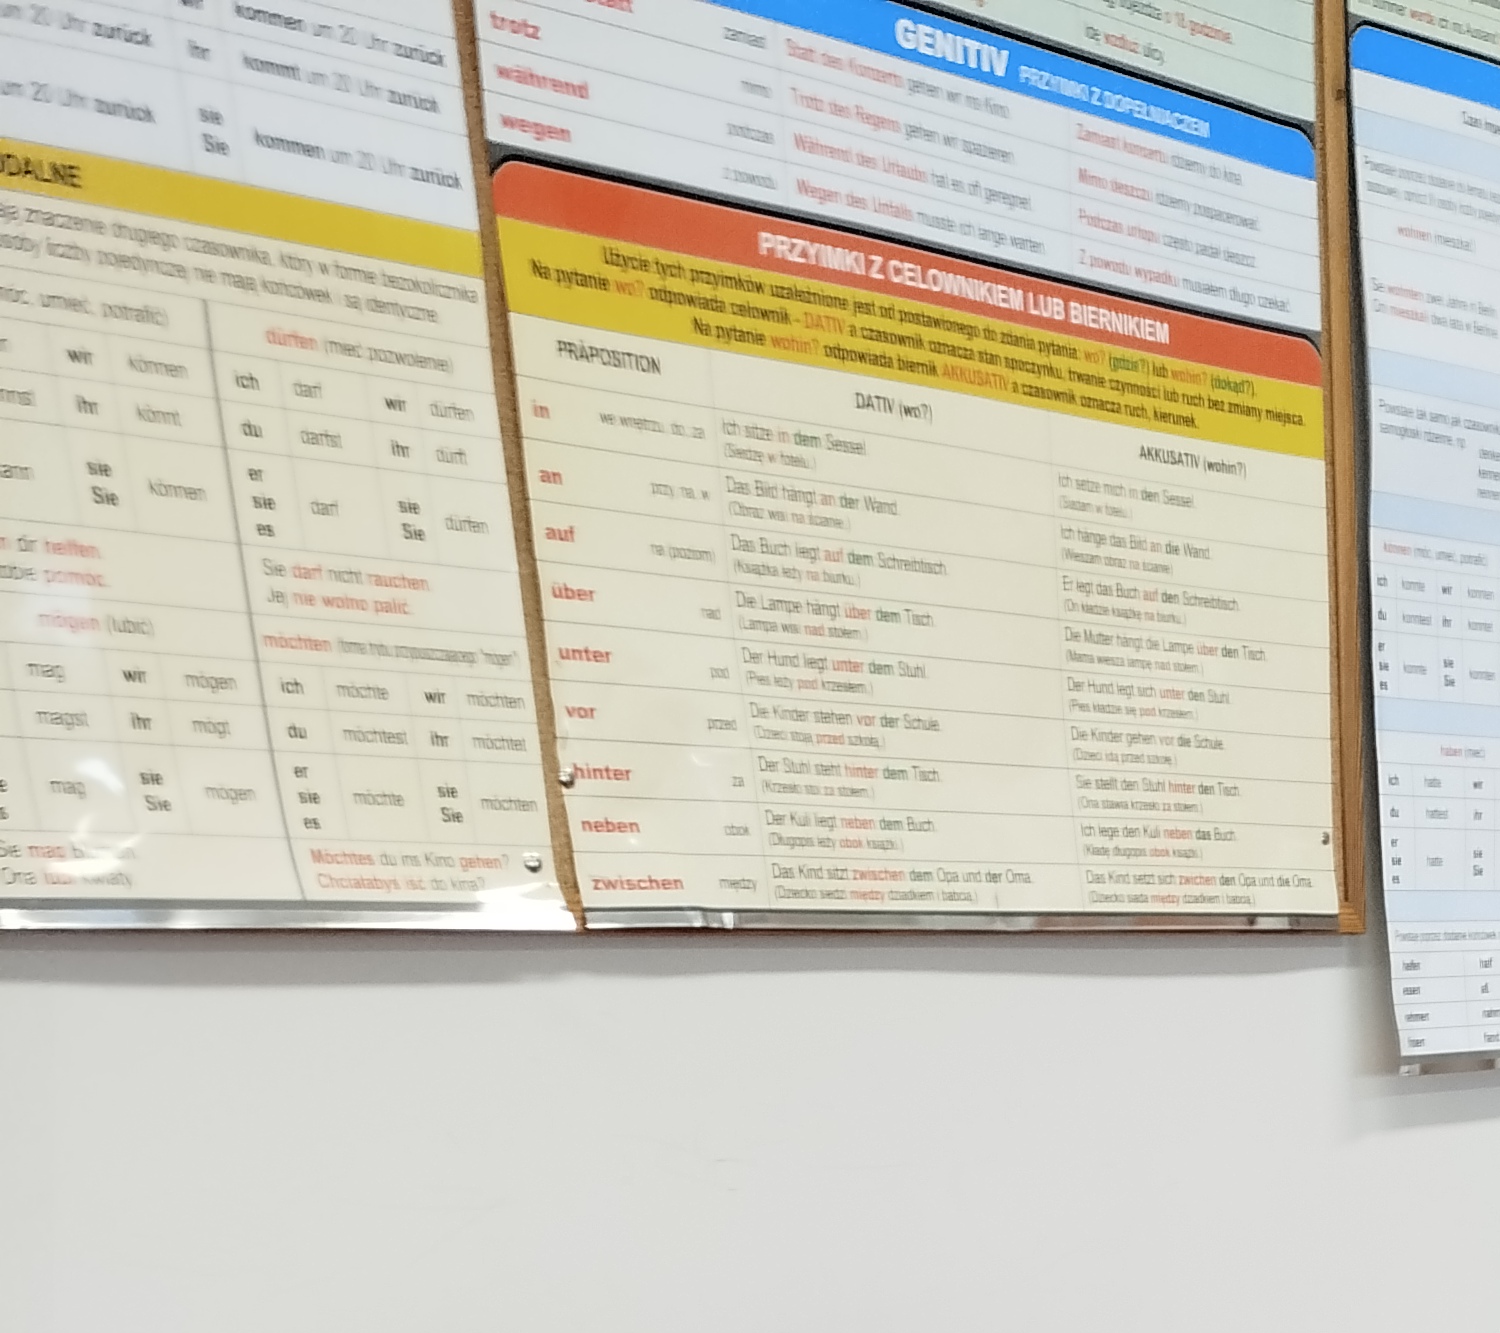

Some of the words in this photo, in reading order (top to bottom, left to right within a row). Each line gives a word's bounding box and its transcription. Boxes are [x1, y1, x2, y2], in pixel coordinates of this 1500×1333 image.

[490, 11, 541, 41] trotz
[894, 18, 1009, 78] GENITIV
[502, 112, 572, 143] wegen
[0, 152, 82, 189] DALNE
[531, 259, 551, 279] Na
[556, 267, 609, 291] pytanie
[758, 231, 865, 276] PRZYIMKI
[868, 256, 885, 281] Z
[887, 260, 1024, 312] CELOWNIKIEM
[1026, 291, 1065, 321] LUB
[1068, 301, 1169, 344] BIERNIKIEM
[691, 316, 711, 336] Na
[556, 340, 662, 375] PRÄPOSITION
[532, 399, 550, 419] in
[855, 392, 894, 415] DATIV
[1138, 444, 1201, 469] AKKUSATIV
[538, 468, 563, 486] an
[544, 524, 577, 542] auf
[551, 581, 595, 602] über
[558, 644, 612, 664] unter
[424, 688, 446, 704] wir
[565, 704, 597, 721] vor
[429, 731, 449, 747] ihr
[573, 763, 632, 782] hinter
[436, 784, 458, 800] sie
[440, 806, 464, 824] Sie
[581, 817, 640, 834] neben
[592, 873, 684, 892] zwischen

» Exercise brief
Go through the lines above and write each one out verbatim, skipping the pictures.

» Answer space
Some of the words in this photo, in reading order (top to bottom, left to right within a row). Each line gives a word's bounding box and its transcription. Boxes are [x1, y1, x2, y2], in pixel coordinates of this 1500×1333 image.

[490, 11, 541, 41] trotz
[894, 18, 1009, 78] GENITIV
[502, 112, 572, 143] wegen
[0, 152, 82, 189] DALNE
[531, 259, 551, 279] Na
[556, 267, 609, 291] pytanie
[758, 231, 865, 276] PRZYIMKI
[868, 256, 885, 281] Z
[887, 260, 1024, 312] CELOWNIKIEM
[1026, 291, 1065, 321] LUB
[1068, 301, 1169, 344] BIERNIKIEM
[691, 316, 711, 336] Na
[556, 340, 662, 375] PRÄPOSITION
[532, 399, 550, 419] in
[855, 392, 894, 415] DATIV
[1138, 444, 1201, 469] AKKUSATIV
[538, 468, 563, 486] an
[544, 524, 577, 542] auf
[551, 581, 595, 602] über
[558, 644, 612, 664] unter
[424, 688, 446, 704] wir
[565, 704, 597, 721] vor
[429, 731, 449, 747] ihr
[573, 763, 632, 782] hinter
[436, 784, 458, 800] sie
[440, 806, 464, 824] Sie
[581, 817, 640, 834] neben
[592, 873, 684, 892] zwischen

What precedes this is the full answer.